But, the subject of pictures not having come up, it had not occurred to the Boy to mention it. The Boy never talked of what he had done, because he had done it. But were a subject mentioned upon which he was keen, he would bound up, with shining eyes, and tell you all he knew about it; all he had seen, heard, and done; all he was doing, and all he hoped to do in the future, in connexion with that particular thing. He would never have thought of informing you that he owned three aeroplanes. But if the subject of aviation came up, and you said to the Boy: "Do you know anything about it?" he would lean forward, beaming at you, and say: "I should jolly well think I do!" and talk aeroplanes to you for as long as you were willing to listen. This trait of the Boy's, caused shallow-minded people to consider him conceited. But the woman he loved knew how to distinguish between keenness and conceit; between exuberant enthusiasm and egotistical self-assertion; and the woman who loved him, smiled tenderly as she remembered that even on the day when she scolded him, and he had to admit his "barely respectable B.A.," he had not told her of the painting hung on the line and mentioned in the Times. Yet if the question of art had come up, the Boy would very probably have sat forward in his chair, and talked about his painting, straight on end, for half an hour.
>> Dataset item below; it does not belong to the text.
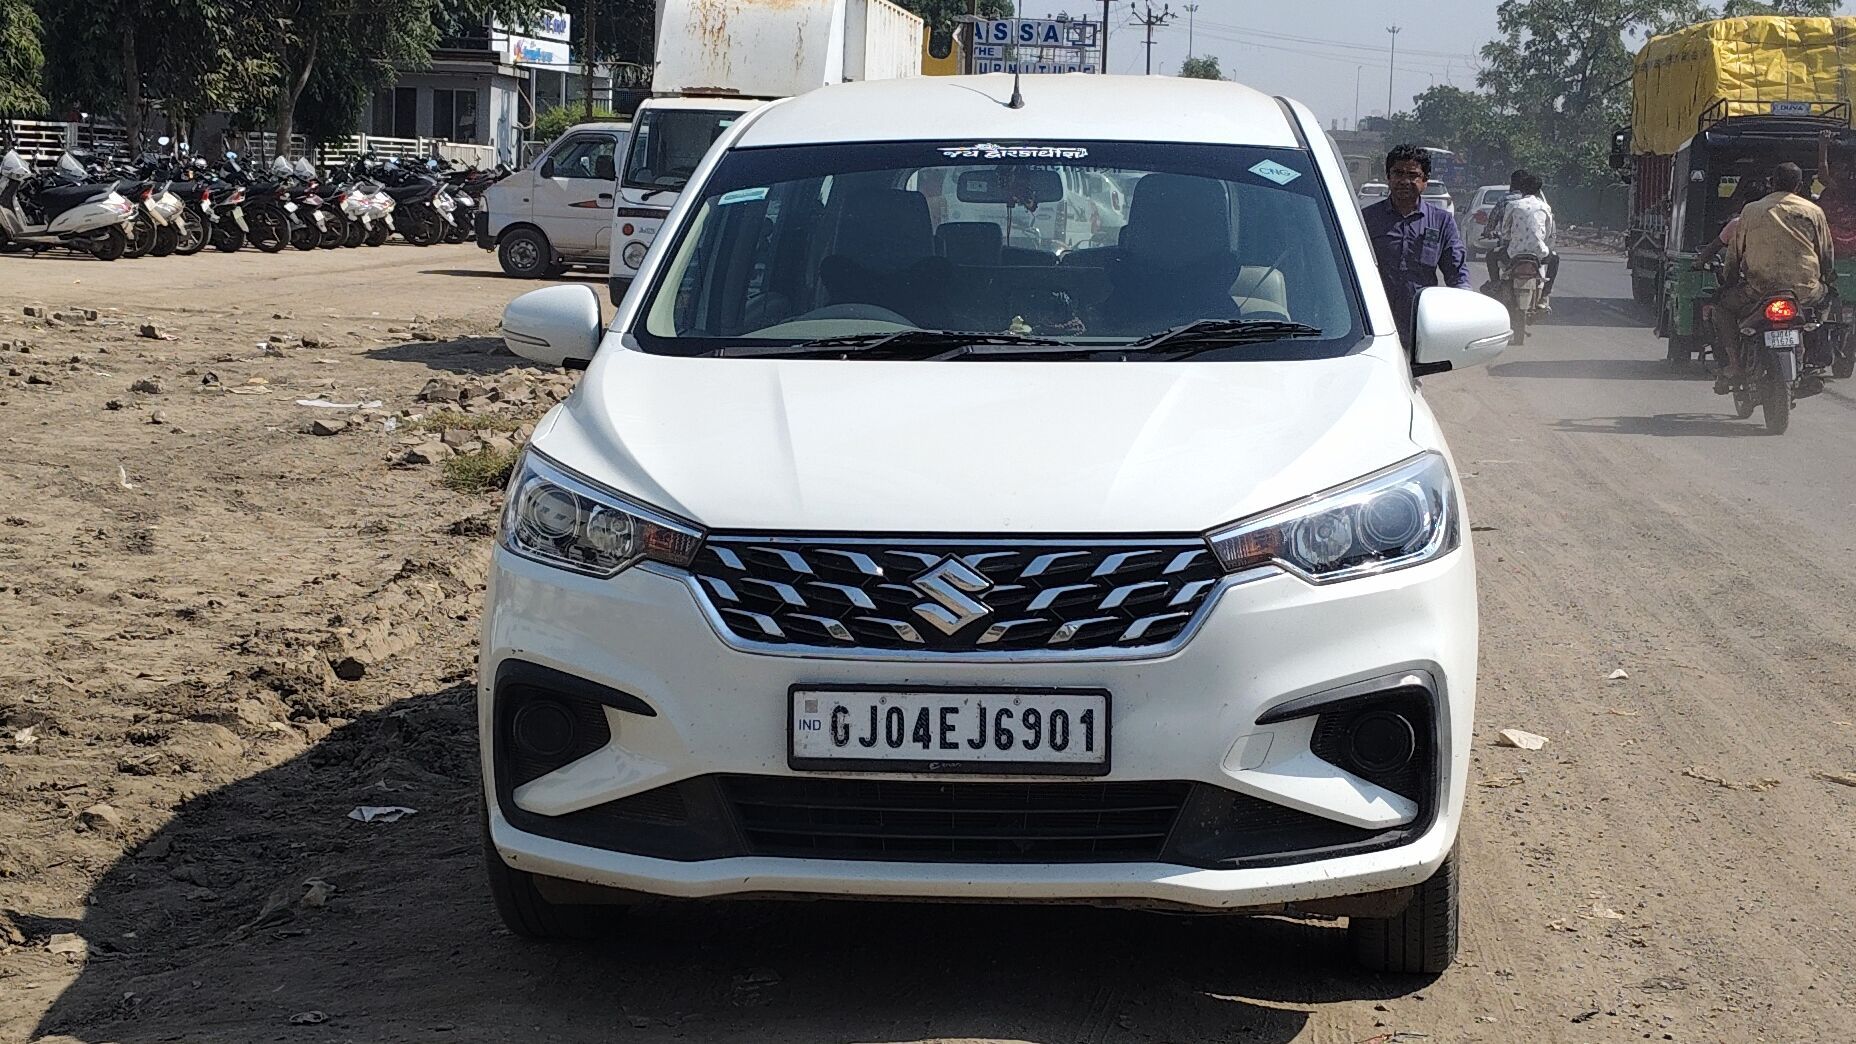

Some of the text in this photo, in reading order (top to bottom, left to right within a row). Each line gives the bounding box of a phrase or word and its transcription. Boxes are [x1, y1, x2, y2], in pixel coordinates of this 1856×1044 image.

She still stood beneath the archway, in the red-brick wall, as these thoughts chased quickly through her mind. She would have made a fair picture for any one who had chanced to be waiting beneath the mulberry-tree, with eyes upon the gate.

"Straight on end for half an hour, he would have talked about his picture; and how bright his eyes would have been. And then I should have said: 'I saw it, Boy dear; and it was quite as beautiful as you say.' And he would have answered: 'It jolly well gave you the feeling of the scene, didn't it, Christobel?' And I should have known that his delight in it, as an artistic success, had nothing to do with the fact that it was painted by himself. Just because egotism is impossible to him, he is free to be so full of vivid enthusiasm."

She smiled again. A warm glow seemed to enfold her. "How well I know my Boy!" she said aloud; then remembered with a sudden pang that she must not call him her Boy. She had let him go. She was – very probably – going to marry the Professor. She had not – with the whole of her being – wanted him to stay, until he had had the manliness to rise up and go. Then – it had been too late. Ah, was it too late? If the Boy came back to plead once more? If once again she could hear him say: "Age is nothing! Time is nothing! Love is all!" would she not answer: "Yes, Guy. Love is all"?

The blood rushed into her sweet proud face. The name of the man she loved had come into her mind unconsciously. It had never yet – as a name for him – passed her lips. That she should unconsciously call him so in her heart, gave her another swift moment of self-revelation.

She closed the gate gently, careful not to let it bang. As she passed up the lawn, her heart stood still. It seemed to her that he must be waiting, in the shade of the mulberry-tree.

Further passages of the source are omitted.